Por considerar que se trata de uma realidade complexa, que incorpora

experiências, construções e circunstâncias que se modificam a cada momento,

estudei de forma cautelosa essa temática, na perspectiva de poder produzir um

conhecimento científico que de fato reflita os saberes dos agricultores familiares

inseridos neste mundo amazônico, com toda sua diversidade socioambiental e

cultural.

Essa diversidade cultural é revelada, pois de acordo com Geertz (1989 p. 37-

38):

Assim como a cultura nos modelou como uma espécie única — e sem dúvida ainda nos está modelando — assim também ela nos modela como indivíduos separados. É isso o que temos realmente em comum — nem um ser subcultural imutável, nem um consenso de cruzamento cultural estabelecido.

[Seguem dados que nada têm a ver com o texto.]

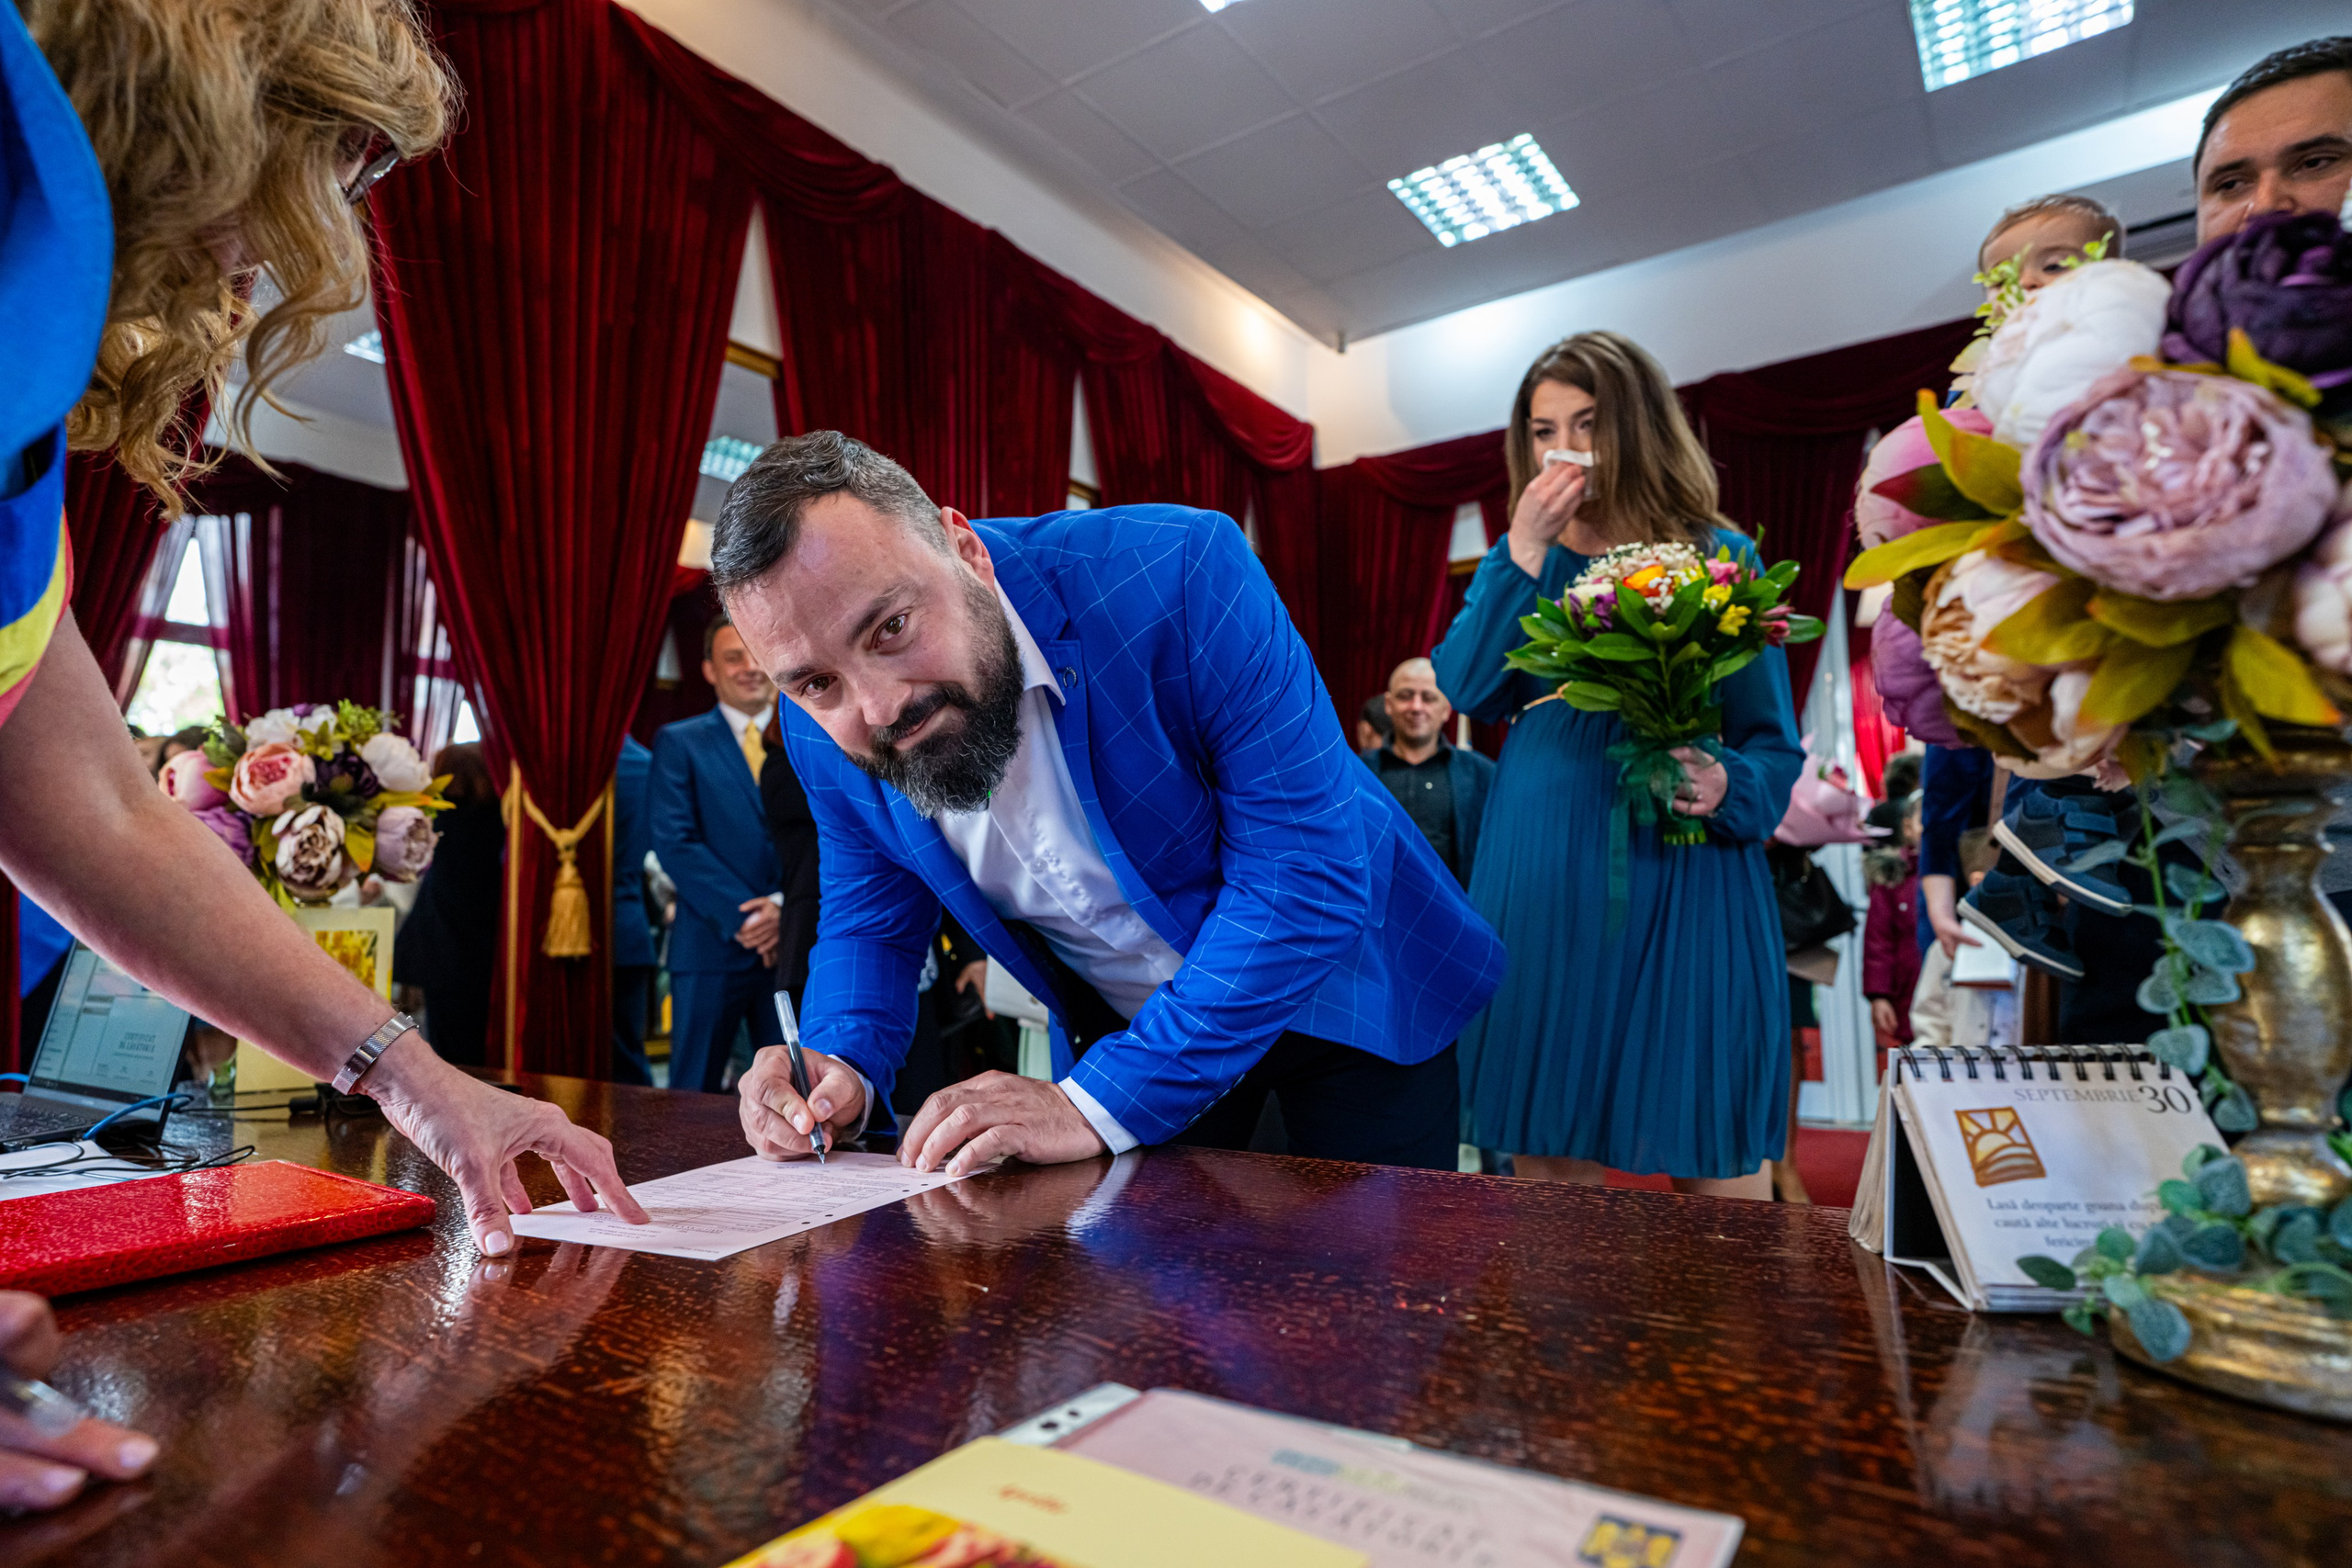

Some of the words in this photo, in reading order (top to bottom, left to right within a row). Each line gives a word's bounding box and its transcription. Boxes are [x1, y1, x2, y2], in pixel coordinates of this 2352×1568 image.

[2014, 1088, 2139, 1102] SEPTEMBRIE
[2138, 1085, 2192, 1114] 30
[2020, 1198, 2079, 1214] deoparte
[2033, 1215, 2059, 1229] alte

Nesse sentido, o reconhecimento e a valorização da cultura desses sujeitos

perpassam pelo estudo da educação que sustenta suas ações, permitindo assim a

afirmação de suas identidades enquanto agricultores familiares camponeses que

desenvolvem práticas sociais ―tradicionais‖ ou não, seja no uso da terra, seja na sua

forma de produzir, seja na relação com a natureza. Nesse caso, a educação passa a

ser vista tanto como uma forma de resistência, como de afirmação da identidade e

dos saberes locais, inclusive de se fazer farinha, um produto, de certa maneira,

desvalorizado na economia de mercado, mas que tem um simbolismo para os

amazônidas.

Esse simbolismo atribuído também às casas de farinha remete a reflexão de

Sacristan (2002) para quem há uma complexa teia de significados que passam

conotações de um ―sentido social‖, como experiências e utopia que continua dando

sentido à vida e à educação de grupos sociais locais. Ao estudar as práticas

educativas nas casas de farinha, nomeei a educação como grande pilar que orienta

a dinâmica desses agricultores familiares. Trata-se de sujeitos que procuram

compartilhar diferenças, misturas, mas sem perder de vista suas identidades.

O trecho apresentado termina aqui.